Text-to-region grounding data
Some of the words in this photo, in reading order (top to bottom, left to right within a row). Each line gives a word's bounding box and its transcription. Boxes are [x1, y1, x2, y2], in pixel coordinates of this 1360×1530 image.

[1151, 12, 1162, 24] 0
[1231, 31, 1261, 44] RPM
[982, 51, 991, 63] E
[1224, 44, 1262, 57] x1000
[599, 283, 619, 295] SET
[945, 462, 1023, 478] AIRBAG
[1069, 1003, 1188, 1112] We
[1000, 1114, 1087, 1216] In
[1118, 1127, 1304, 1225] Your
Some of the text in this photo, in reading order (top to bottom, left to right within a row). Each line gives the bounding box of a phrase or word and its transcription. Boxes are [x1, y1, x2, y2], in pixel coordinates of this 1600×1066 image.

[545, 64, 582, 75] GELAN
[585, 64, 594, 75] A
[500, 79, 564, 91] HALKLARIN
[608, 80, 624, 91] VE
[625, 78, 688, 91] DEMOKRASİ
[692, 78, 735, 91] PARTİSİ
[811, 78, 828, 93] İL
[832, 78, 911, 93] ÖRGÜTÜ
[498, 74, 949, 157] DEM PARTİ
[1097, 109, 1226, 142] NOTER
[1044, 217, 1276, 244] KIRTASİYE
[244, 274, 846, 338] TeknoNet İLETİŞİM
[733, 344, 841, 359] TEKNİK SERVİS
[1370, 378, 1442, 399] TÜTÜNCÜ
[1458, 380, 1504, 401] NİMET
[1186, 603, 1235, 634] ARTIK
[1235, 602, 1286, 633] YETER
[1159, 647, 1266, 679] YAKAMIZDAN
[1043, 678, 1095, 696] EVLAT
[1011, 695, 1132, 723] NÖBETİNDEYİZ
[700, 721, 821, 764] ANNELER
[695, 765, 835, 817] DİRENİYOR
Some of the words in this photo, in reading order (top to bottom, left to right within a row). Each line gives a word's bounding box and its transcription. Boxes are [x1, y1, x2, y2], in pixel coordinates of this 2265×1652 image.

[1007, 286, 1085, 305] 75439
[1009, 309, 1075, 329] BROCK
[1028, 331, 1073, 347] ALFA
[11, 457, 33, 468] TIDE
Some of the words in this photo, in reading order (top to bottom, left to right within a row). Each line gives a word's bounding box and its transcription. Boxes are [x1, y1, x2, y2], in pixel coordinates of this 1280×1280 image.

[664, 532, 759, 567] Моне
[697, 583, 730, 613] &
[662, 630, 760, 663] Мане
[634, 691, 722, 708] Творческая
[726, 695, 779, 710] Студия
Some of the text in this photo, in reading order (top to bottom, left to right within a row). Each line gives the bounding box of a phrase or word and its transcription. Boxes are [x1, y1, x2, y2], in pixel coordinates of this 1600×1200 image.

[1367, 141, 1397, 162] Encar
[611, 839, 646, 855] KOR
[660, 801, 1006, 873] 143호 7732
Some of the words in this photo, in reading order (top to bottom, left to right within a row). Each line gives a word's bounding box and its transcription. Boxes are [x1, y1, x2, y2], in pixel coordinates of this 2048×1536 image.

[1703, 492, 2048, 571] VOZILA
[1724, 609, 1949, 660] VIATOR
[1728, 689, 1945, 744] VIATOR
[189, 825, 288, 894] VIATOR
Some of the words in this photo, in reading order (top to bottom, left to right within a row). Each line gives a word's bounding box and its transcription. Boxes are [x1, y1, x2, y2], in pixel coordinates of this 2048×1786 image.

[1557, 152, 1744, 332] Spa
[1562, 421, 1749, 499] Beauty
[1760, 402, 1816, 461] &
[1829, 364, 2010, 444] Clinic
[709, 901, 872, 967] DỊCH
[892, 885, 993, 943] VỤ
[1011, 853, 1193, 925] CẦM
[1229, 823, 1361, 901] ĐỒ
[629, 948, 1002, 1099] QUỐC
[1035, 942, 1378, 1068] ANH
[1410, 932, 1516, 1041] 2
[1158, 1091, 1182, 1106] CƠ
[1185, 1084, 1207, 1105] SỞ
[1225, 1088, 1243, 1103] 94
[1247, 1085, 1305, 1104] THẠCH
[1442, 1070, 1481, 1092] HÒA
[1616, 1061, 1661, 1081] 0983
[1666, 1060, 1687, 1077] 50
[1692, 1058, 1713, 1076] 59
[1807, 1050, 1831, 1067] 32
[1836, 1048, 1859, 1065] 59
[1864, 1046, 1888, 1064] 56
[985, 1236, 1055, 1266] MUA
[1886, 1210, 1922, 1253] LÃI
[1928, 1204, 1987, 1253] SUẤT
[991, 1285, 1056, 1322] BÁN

**How to complete this task**
Please give back all of the records exactly as written.

**Response to this task**
Some of the words in this photo, in reading order (top to bottom, left to right within a row). Each line gives a word's bounding box and its transcription. Boxes are [x1, y1, x2, y2], in pixel coordinates of this 1360×1530 image.

[1151, 12, 1162, 24] 0
[1231, 31, 1261, 44] RPM
[982, 51, 991, 63] E
[1224, 44, 1262, 57] x1000
[599, 283, 619, 295] SET
[945, 462, 1023, 478] AIRBAG
[1069, 1003, 1188, 1112] We
[1000, 1114, 1087, 1216] In
[1118, 1127, 1304, 1225] Your
Some of the text in this photo, in reading order (top to bottom, left to right within a row). Each line gives the bounding box of a phrase or word and its transcription. Boxes are [x1, y1, x2, y2], in pixel coordinates of this 1600×1066 image.

[545, 64, 582, 75] GELAN
[585, 64, 594, 75] A
[500, 79, 564, 91] HALKLARIN
[608, 80, 624, 91] VE
[625, 78, 688, 91] DEMOKRASİ
[692, 78, 735, 91] PARTİSİ
[811, 78, 828, 93] İL
[832, 78, 911, 93] ÖRGÜTÜ
[498, 74, 949, 157] DEM PARTİ
[1097, 109, 1226, 142] NOTER
[1044, 217, 1276, 244] KIRTASİYE
[244, 274, 846, 338] TeknoNet İLETİŞİM
[733, 344, 841, 359] TEKNİK SERVİS
[1370, 378, 1442, 399] TÜTÜNCÜ
[1458, 380, 1504, 401] NİMET
[1186, 603, 1235, 634] ARTIK
[1235, 602, 1286, 633] YETER
[1159, 647, 1266, 679] YAKAMIZDAN
[1043, 678, 1095, 696] EVLAT
[1011, 695, 1132, 723] NÖBETİNDEYİZ
[700, 721, 821, 764] ANNELER
[695, 765, 835, 817] DİRENİYOR
Some of the words in this photo, in reading order (top to bottom, left to right within a row). Each line gives a word's bounding box and its transcription. Boxes are [x1, y1, x2, y2], in pixel coordinates of this 2265×1652 image.

[1007, 286, 1085, 305] 75439
[1009, 309, 1075, 329] BROCK
[1028, 331, 1073, 347] ALFA
[11, 457, 33, 468] TIDE
Some of the words in this photo, in reading order (top to bottom, left to right within a row). Each line gives a word's bounding box and its transcription. Boxes are [x1, y1, x2, y2], in pixel coordinates of this 1280×1280 image.

[664, 532, 759, 567] Моне
[697, 583, 730, 613] &
[662, 630, 760, 663] Мане
[634, 691, 722, 708] Творческая
[726, 695, 779, 710] Студия
Some of the text in this photo, in reading order (top to bottom, left to right within a row). Each line gives the bounding box of a phrase or word and its transcription. Boxes are [x1, y1, x2, y2], in pixel coordinates of this 1600×1200 image.

[1367, 141, 1397, 162] Encar
[611, 839, 646, 855] KOR
[660, 801, 1006, 873] 143호 7732
Some of the words in this photo, in reading order (top to bottom, left to right within a row). Each line gives a word's bounding box and its transcription. Boxes are [x1, y1, x2, y2], in pixel coordinates of this 2048×1536 image.

[1703, 492, 2048, 571] VOZILA
[1724, 609, 1949, 660] VIATOR
[1728, 689, 1945, 744] VIATOR
[189, 825, 288, 894] VIATOR
Some of the words in this photo, in reading order (top to bottom, left to right within a row). Each line gives a word's bounding box and its transcription. Boxes are [x1, y1, x2, y2], in pixel coordinates of this 2048×1786 image.

[1557, 152, 1744, 332] Spa
[1562, 421, 1749, 499] Beauty
[1760, 402, 1816, 461] &
[1829, 364, 2010, 444] Clinic
[709, 901, 872, 967] DỊCH
[892, 885, 993, 943] VỤ
[1011, 853, 1193, 925] CẦM
[1229, 823, 1361, 901] ĐỒ
[629, 948, 1002, 1099] QUỐC
[1035, 942, 1378, 1068] ANH
[1410, 932, 1516, 1041] 2
[1158, 1091, 1182, 1106] CƠ
[1185, 1084, 1207, 1105] SỞ
[1225, 1088, 1243, 1103] 94
[1247, 1085, 1305, 1104] THẠCH
[1442, 1070, 1481, 1092] HÒA
[1616, 1061, 1661, 1081] 0983
[1666, 1060, 1687, 1077] 50
[1692, 1058, 1713, 1076] 59
[1807, 1050, 1831, 1067] 32
[1836, 1048, 1859, 1065] 59
[1864, 1046, 1888, 1064] 56
[985, 1236, 1055, 1266] MUA
[1886, 1210, 1922, 1253] LÃI
[1928, 1204, 1987, 1253] SUẤT
[991, 1285, 1056, 1322] BÁN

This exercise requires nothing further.